Amazon Go is also part of online retailer's increasing push into grocery.
Amazon is getting even deeper into the grocery business, this time courtesy of SpartanNash.
The food wholesaler and distributor has issued warrants to an Amazon affiliate — Amazon.com NV Investment Holdings LLC — to buy up to 5.43 million shares of stock through Oct. 7, 2027, according to a filing with the U.S. Securities and Exchange Commission.
According to that document, the warrant vested with respect to 1,087,455 warrant shares upon issuance, and the remaining warrant shares will vest in accordance with the terms of the warrant.
The deal could potentially result in Amazon owning about 15% of SpartanNash’s outstanding shares. SpartanNash declined to comment and Amazon offered no immediate comment. On Friday, Oct. 9, SpartanNash stock was selling at $19.20 per share at the market opening.
Amazon and SpartanNash have a relationship that stretches back to at least 2016. That’s when SpartanNash agreed to supply Amazon’s distribution centers with grocery products.

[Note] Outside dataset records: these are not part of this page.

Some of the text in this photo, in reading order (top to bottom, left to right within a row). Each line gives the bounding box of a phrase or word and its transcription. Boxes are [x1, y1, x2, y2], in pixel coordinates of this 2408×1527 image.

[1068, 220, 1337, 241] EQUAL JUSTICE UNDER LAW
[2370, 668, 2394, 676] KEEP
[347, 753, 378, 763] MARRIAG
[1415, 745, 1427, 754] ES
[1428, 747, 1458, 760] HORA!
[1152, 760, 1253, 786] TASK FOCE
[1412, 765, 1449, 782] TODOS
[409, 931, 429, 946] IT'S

Amazon, of course, has kept expanding into the food retail space. Among its most recent moves is the launch of its first stand-alone supermarket banner: a 35,000-square-foot, digitally perfected store in Woodland Hills, California, called Fresh.

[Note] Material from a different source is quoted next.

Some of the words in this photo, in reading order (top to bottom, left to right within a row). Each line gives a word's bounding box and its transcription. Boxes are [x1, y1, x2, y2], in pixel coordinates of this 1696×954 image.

The Fresh banner isn't an offshoot of Whole Foods, nor does it look like one of those checkout-less Amazon Go stores that have been popping up in urban areas across the United States, nor does it resemble the 365 banner that Amazon scrapped last year, either.
The new Amazon Fresh supermarket takes elements of all of those concepts -- micro fulfillment, contactless features, a curated assortment of premium and conventional products, and highly personalized service -- and melds them into one innovative store that offers something for every type of food shopper.

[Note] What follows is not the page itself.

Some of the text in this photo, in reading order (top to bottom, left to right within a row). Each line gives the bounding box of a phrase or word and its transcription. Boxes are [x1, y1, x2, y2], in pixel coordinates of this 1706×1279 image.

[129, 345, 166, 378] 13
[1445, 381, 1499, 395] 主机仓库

No. 2 on ThePG 100, Progressive Grocer’s 2020 list of the top food and consumables retailers in North America, Seattle-based Amazon is also planning grocery stores in the Los Angeles and Philadelphia markets, according to media reports. Amazon-owned Whole Foods, based in Austin, Texas, is No. 24 on the list, while Grand Rapids, Michigan-based SpartanNash, whose core businesses include distributing grocery products to independent and chain retailers, its corporate-owned retail stores, and U.S. military commissaries and exchanges, as well as fresh produce distribution and fresh food processing, is No. 40.